Task prompt: The data below is to be retyped exactly, line by line.

Material for this task:
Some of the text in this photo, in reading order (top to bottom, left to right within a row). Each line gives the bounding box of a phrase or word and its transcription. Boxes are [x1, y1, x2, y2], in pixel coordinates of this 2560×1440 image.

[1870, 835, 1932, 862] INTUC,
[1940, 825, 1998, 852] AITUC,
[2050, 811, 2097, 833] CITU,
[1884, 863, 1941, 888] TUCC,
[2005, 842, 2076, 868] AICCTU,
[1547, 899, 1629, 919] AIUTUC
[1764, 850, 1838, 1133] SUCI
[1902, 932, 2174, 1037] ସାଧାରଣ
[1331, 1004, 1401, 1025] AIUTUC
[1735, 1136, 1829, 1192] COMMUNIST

Answer for this exercise:
Some of the text in this photo, in reading order (top to bottom, left to right within a row). Each line gives the bounding box of a phrase or word and its transcription. Boxes are [x1, y1, x2, y2], in pixel coordinates of this 2560×1440 image.

[1870, 835, 1932, 862] INTUC,
[1940, 825, 1998, 852] AITUC,
[2050, 811, 2097, 833] CITU,
[1884, 863, 1941, 888] TUCC,
[2005, 842, 2076, 868] AICCTU,
[1547, 899, 1629, 919] AIUTUC
[1764, 850, 1838, 1133] SUCI
[1902, 932, 2174, 1037] ସାଧାରଣ
[1331, 1004, 1401, 1025] AIUTUC
[1735, 1136, 1829, 1192] COMMUNIST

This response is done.